People managers are often uninvolved in the executive decisions of digital transformation strategies, sometimes only learning about organisational changes as these projects are being implemented, or worse – at the same time as the rest of the business. This leaves managers unable to support their people through the change because they do not fully understand the organisation’s vision, how the project contributes to that vision, or what the success of the project looks like, but, most importantly, how as leaders, they can contribute to the project’s success.

“Ineffective leadership affects employees’ ability to adapt to new technologies and processes, resulting in delayed adoption and a failed implementation, which has a quantifiable negative financial impact on business,” says Isabel Adams, People Enablement Director at AVeS Cyber International. In fact, a McKinsey report found that at least 70% of digital transformation projects fail due to employee resistance.

The need for self-awareness

To improve project outcomes, leaders need to be equipped with the skills and mind set to lead their organisations through uncertain, ambiguous, and sometimes volatile changes. Self-awareness has become a critical characteristic and a foundational requirement for effective leaders.

Self-awareness is understanding what type of leader you are, what leadership and communication styles your employees respond to, and how to adapt these to get employees motivated to embrace the changes that need to happen. It provides the basis for understanding your emotions, and how your conduct affects the people around you, allowing you to tap into your personal strengths and better manage relationships, to support and guide teams to the best possible outcomes.

By participating in a leadership programme that includes an Enneagram profiling assessment (an archetypal framework in personal development), leaders can identify the strengths and weaknesses of their personalities and through the exploration of their basic fears, motivators, passions, and temperaments can align their core strengths to business strategies and better lead their people through digital change.

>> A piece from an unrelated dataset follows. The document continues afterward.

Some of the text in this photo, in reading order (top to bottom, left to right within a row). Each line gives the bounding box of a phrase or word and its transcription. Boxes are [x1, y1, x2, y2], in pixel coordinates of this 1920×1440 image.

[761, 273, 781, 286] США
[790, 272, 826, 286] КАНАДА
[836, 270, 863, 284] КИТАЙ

“Our team at AVeS Cyber Security have used this powerful tool to improve communication, collaboration, and engagement through a clear understanding of our team member’s individual Enneagram types. We believe that it is important for managers to understand how their own style affects those around them. We have seen first-hand through our own experience and work with clients who have used our Leadership 4.0 programme, how developing self-awareness in leadership dramatically improves the success rate of ambitious digital transformation and change projects,” says Adams.

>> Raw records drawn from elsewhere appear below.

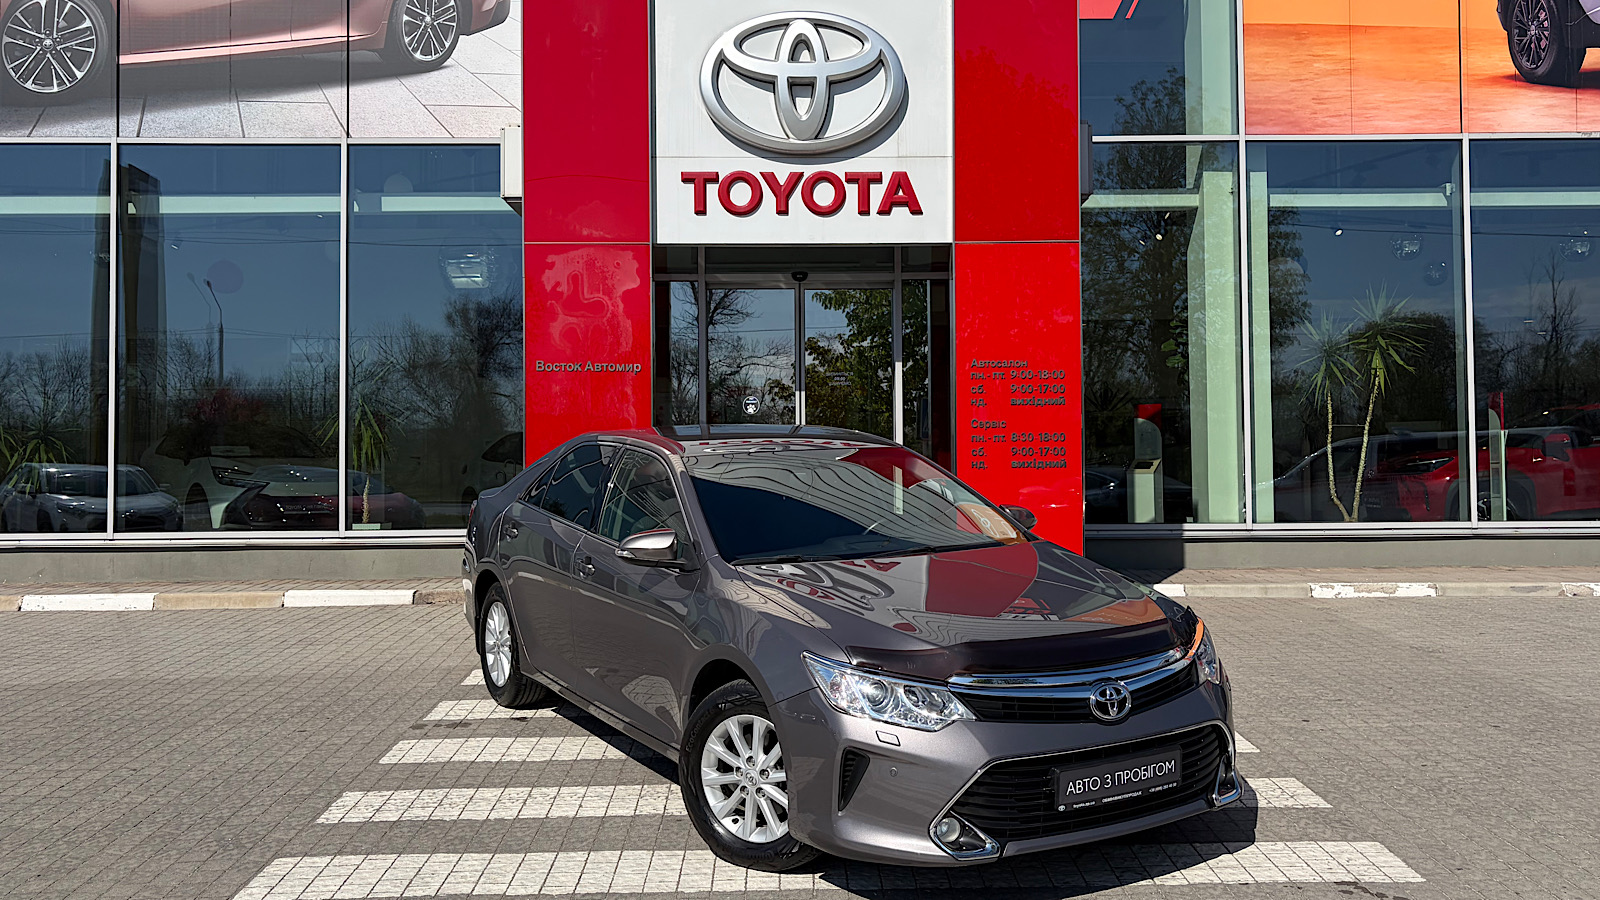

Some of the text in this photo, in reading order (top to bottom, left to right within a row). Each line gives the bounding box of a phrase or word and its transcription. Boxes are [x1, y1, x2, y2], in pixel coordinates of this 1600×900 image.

[681, 170, 923, 217] TOYOTA
[536, 360, 642, 375] Восток Автомир
[971, 359, 1028, 368] Автосалон
[1010, 370, 1065, 379] 9:00-18:00
[971, 384, 1065, 394] сб. 9:00-17:00
[971, 396, 1065, 407] нд. вихідний
[971, 419, 1006, 430] Сервіс
[1011, 433, 1066, 442] 8:30-18:00
[971, 447, 1066, 457] сб. 9:00-17:00
[971, 459, 1067, 470] нд. вихідний
[1066, 777, 1100, 795] АВТО
[1115, 760, 1175, 785] ПРОБІГОМ
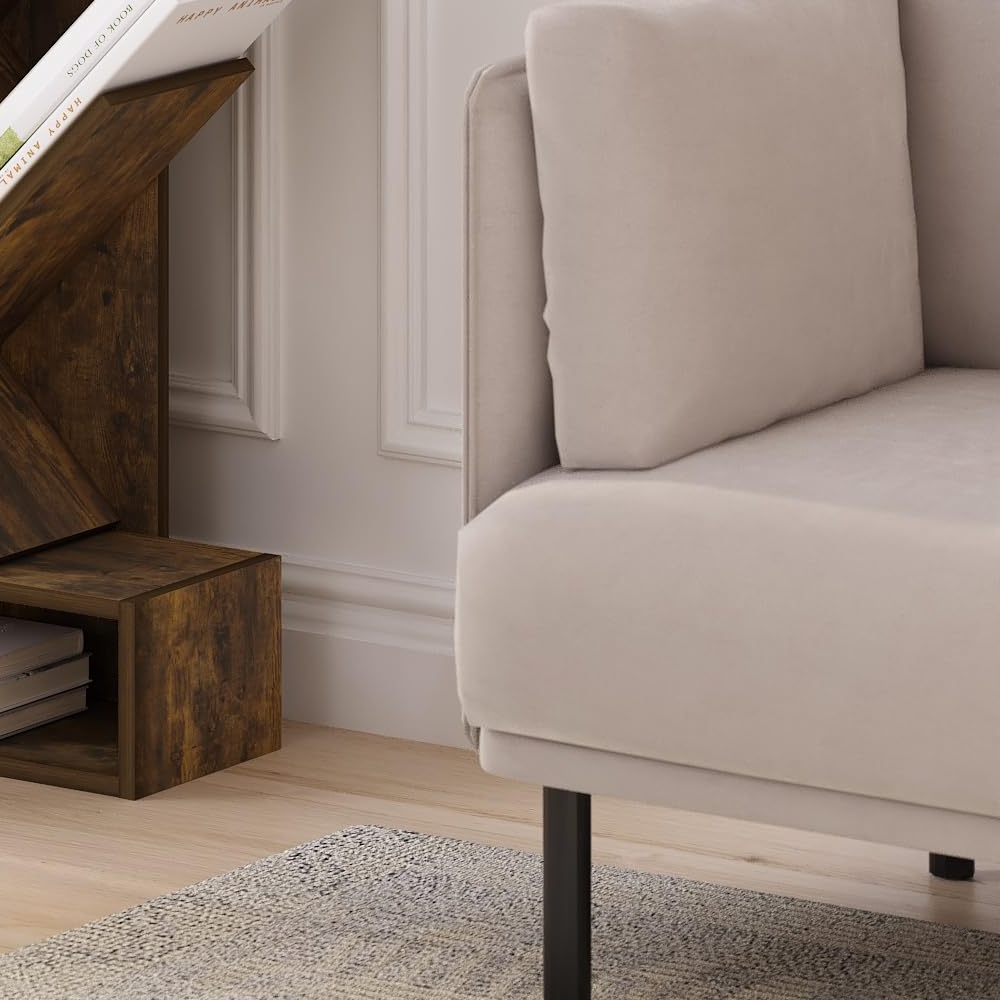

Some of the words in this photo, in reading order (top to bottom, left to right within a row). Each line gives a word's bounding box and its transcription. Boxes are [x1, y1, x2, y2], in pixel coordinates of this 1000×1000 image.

[108, 4, 133, 34] BOOK
[176, 6, 223, 24] HAPPY
[94, 34, 106, 48] OF
[67, 48, 93, 77] DOGS
[48, 96, 82, 137] HAPPY

By using Enneagram to maximise collaboration and engagement, leaders can nurture the strengths of each personality type and limit the behaviours that may derail projects, while improving organisational performance and increasing project success rates and speed of adoption with healthier morale.

“Operationally focused leaders need to start putting people first to achieve the efficiencies and productivity improvements promised by digital transformation. By finding out how their leadership styles are enabling or thwarting the efforts and how they can use their strengths, leaders are better equipped to motivate and support their people and get the best out of them for more successful digital transformation outcomes,” concludes Adams.